AVAILABLE DATA:
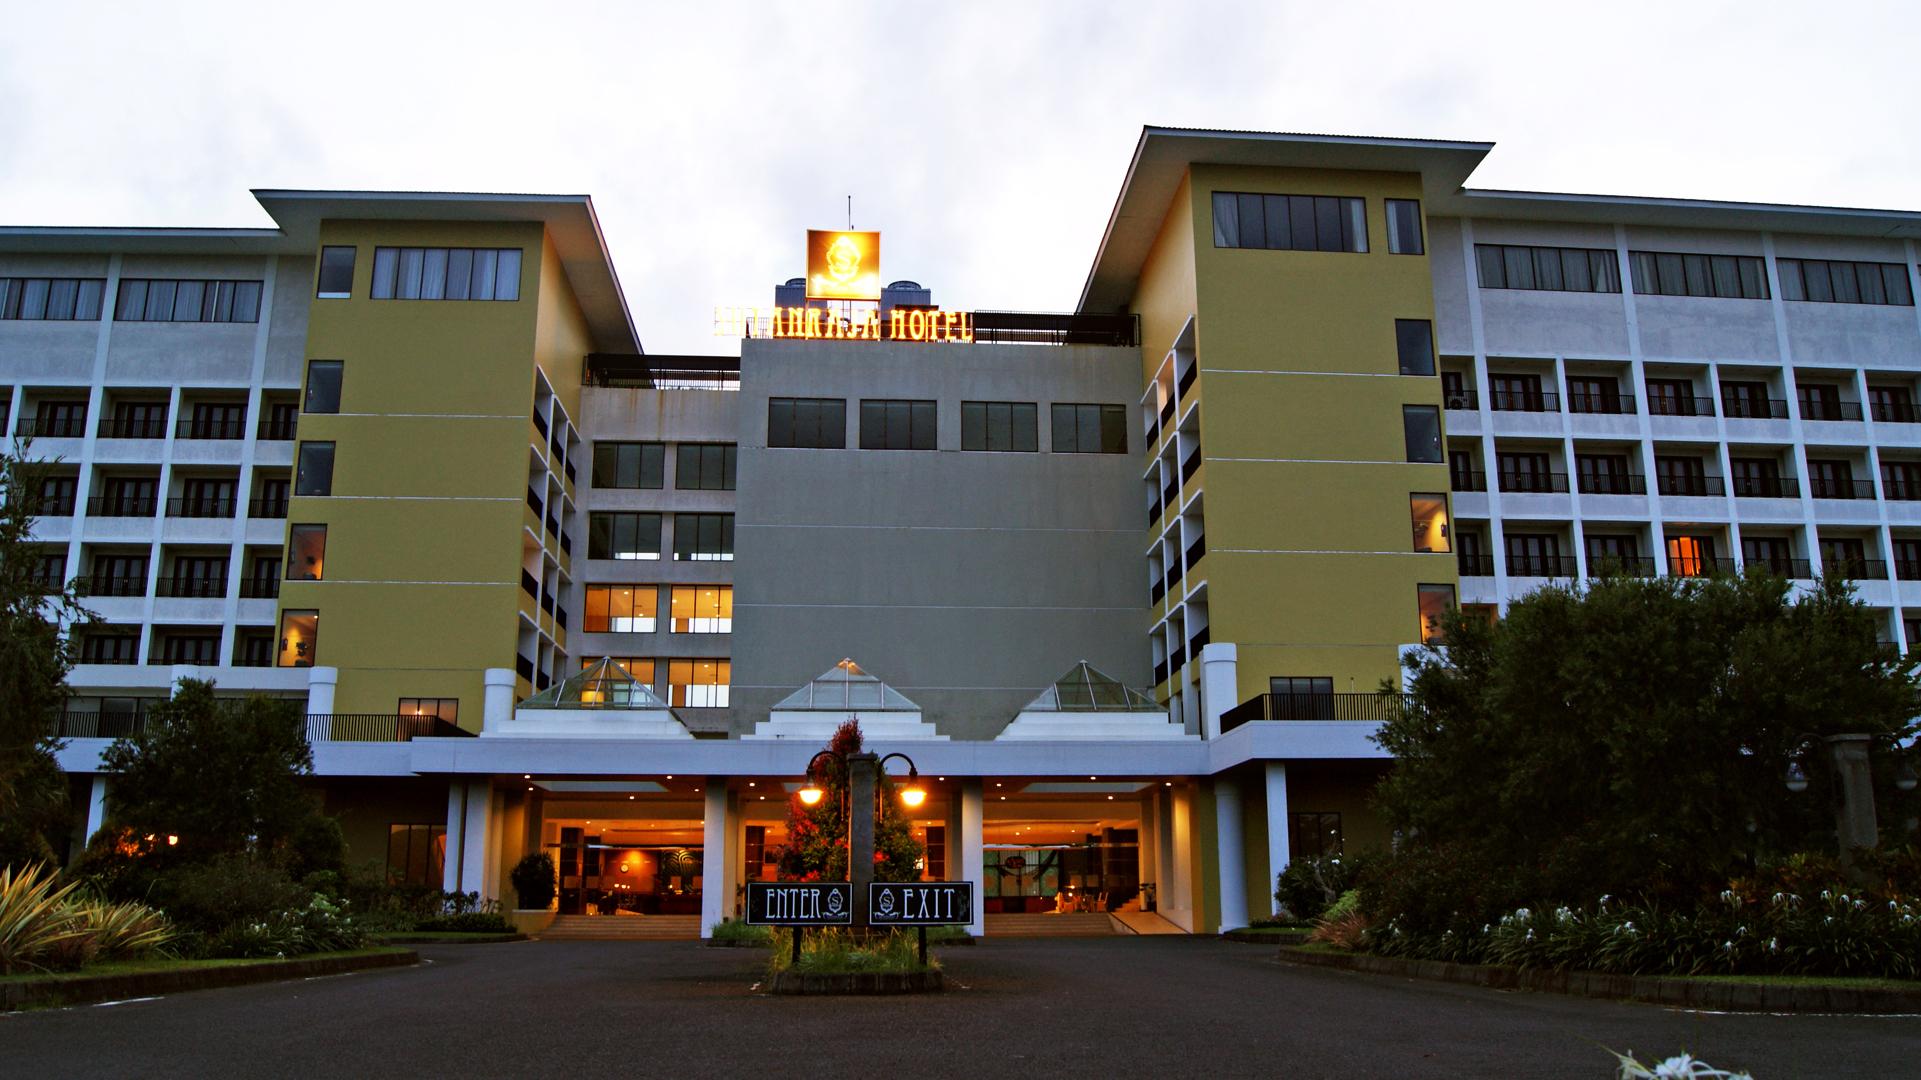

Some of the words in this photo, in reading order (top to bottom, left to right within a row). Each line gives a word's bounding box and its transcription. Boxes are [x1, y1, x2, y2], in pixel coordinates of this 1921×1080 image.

[890, 309, 973, 341] HOTEL
[766, 888, 821, 919] ENTER
[903, 888, 955, 919] EXIT
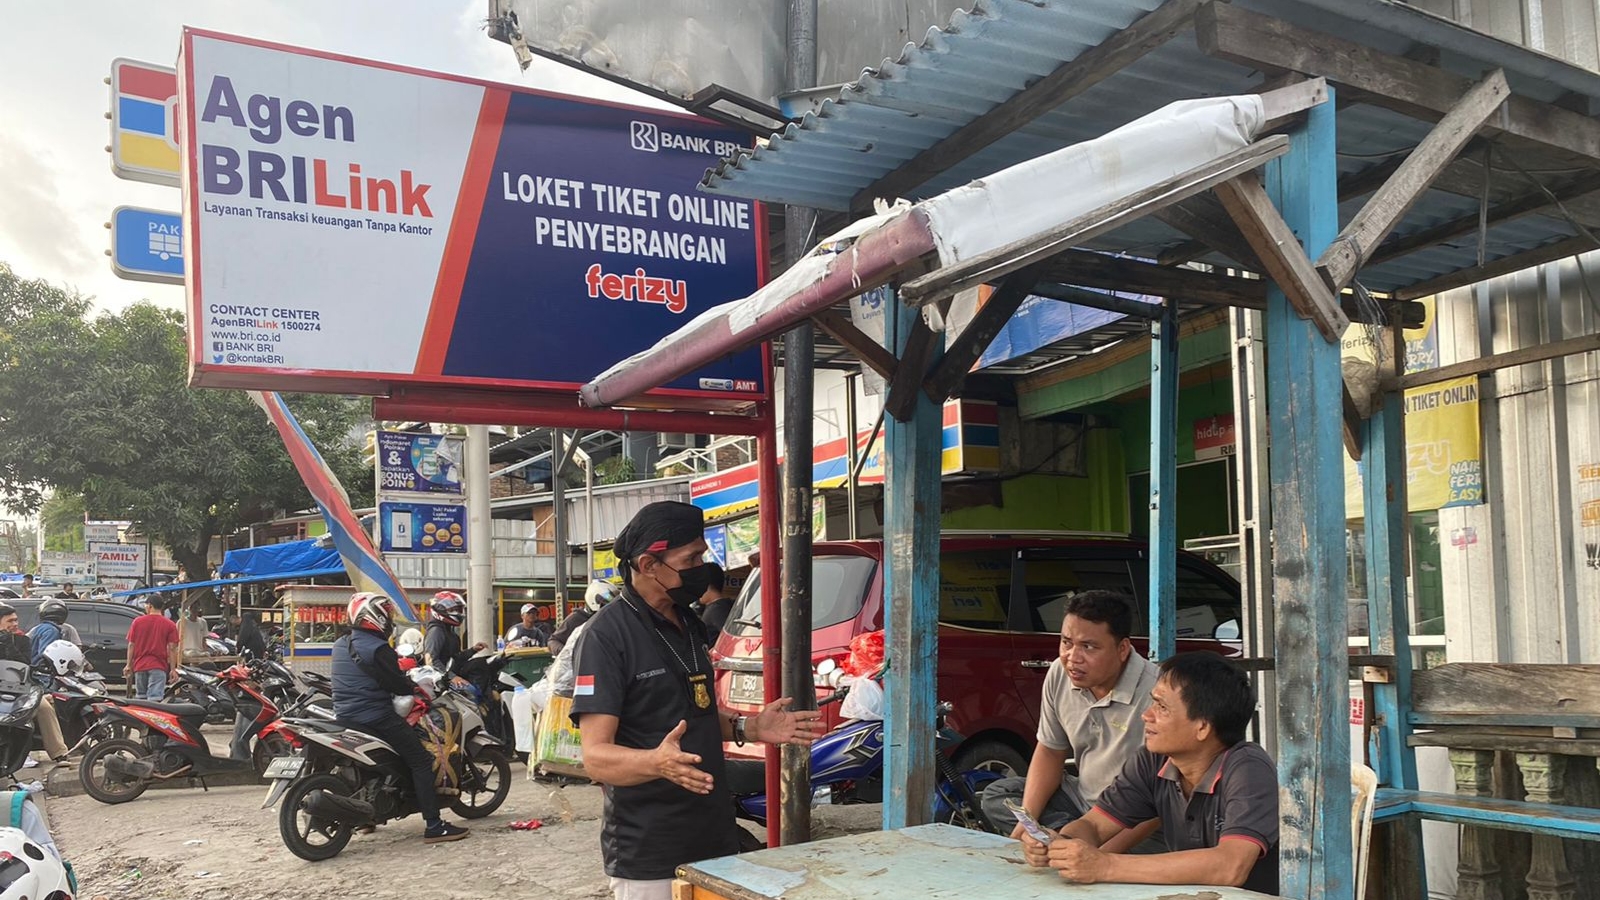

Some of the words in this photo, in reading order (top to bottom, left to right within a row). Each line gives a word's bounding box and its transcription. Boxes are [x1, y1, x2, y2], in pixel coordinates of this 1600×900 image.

[201, 75, 355, 144] Agen
[661, 133, 711, 155] BANK
[202, 144, 434, 218] BRILink
[503, 172, 584, 208] LOKET
[591, 183, 661, 218] TIKET
[668, 194, 750, 229] ONLINE
[203, 201, 253, 219] Layanan
[255, 207, 310, 225] Transaksi
[311, 211, 363, 230] keuangan
[365, 218, 397, 233] Tanpa
[398, 220, 433, 236] Kantor
[535, 216, 726, 265] PENYEBRANGAN
[585, 263, 687, 313] ferizy
[210, 303, 269, 318] CONTACT
[271, 307, 320, 321] CENTER
[211, 317, 279, 330] AgenBRILink
[281, 319, 321, 331] 1500274
[211, 330, 281, 343] www.bri.co.id
[226, 342, 254, 352] BANK
[256, 342, 274, 353] BRI
[226, 353, 284, 365] @kontakBRI
[736, 381, 756, 391] AMT
[1412, 391, 1441, 411] TIKET
[1197, 425, 1225, 440] hidup
[387, 451, 401, 465] &
[381, 472, 415, 481] BONUS
[97, 552, 139, 561] FAMILY

WHAT THE EXERCISE ASKS: Copy the records exactly as they appear, leaving every picture out.

ANSWER FOR THIS EXERCISE:
Some of the words in this photo, in reading order (top to bottom, left to right within a row). Each line gives a word's bounding box and its transcription. Boxes are [x1, y1, x2, y2], in pixel coordinates of this 1921×1080 image.

[890, 309, 973, 341] HOTEL
[766, 888, 821, 919] ENTER
[903, 888, 955, 919] EXIT

Some of the words in this photo, in reading order (top to bottom, left to right within a row). Each line gives a word's bounding box and its transcription. Boxes are [x1, y1, x2, y2], in pixel coordinates of this 1600×900 image.

[201, 75, 355, 144] Agen
[661, 133, 711, 155] BANK
[202, 144, 434, 218] BRILink
[503, 172, 584, 208] LOKET
[591, 183, 661, 218] TIKET
[668, 194, 750, 229] ONLINE
[203, 201, 253, 219] Layanan
[255, 207, 310, 225] Transaksi
[311, 211, 363, 230] keuangan
[365, 218, 397, 233] Tanpa
[398, 220, 433, 236] Kantor
[535, 216, 726, 265] PENYEBRANGAN
[585, 263, 687, 313] ferizy
[210, 303, 269, 318] CONTACT
[271, 307, 320, 321] CENTER
[211, 317, 279, 330] AgenBRILink
[281, 319, 321, 331] 1500274
[211, 330, 281, 343] www.bri.co.id
[226, 342, 254, 352] BANK
[256, 342, 274, 353] BRI
[226, 353, 284, 365] @kontakBRI
[736, 381, 756, 391] AMT
[1412, 391, 1441, 411] TIKET
[1197, 425, 1225, 440] hidup
[387, 451, 401, 465] &
[381, 472, 415, 481] BONUS
[97, 552, 139, 561] FAMILY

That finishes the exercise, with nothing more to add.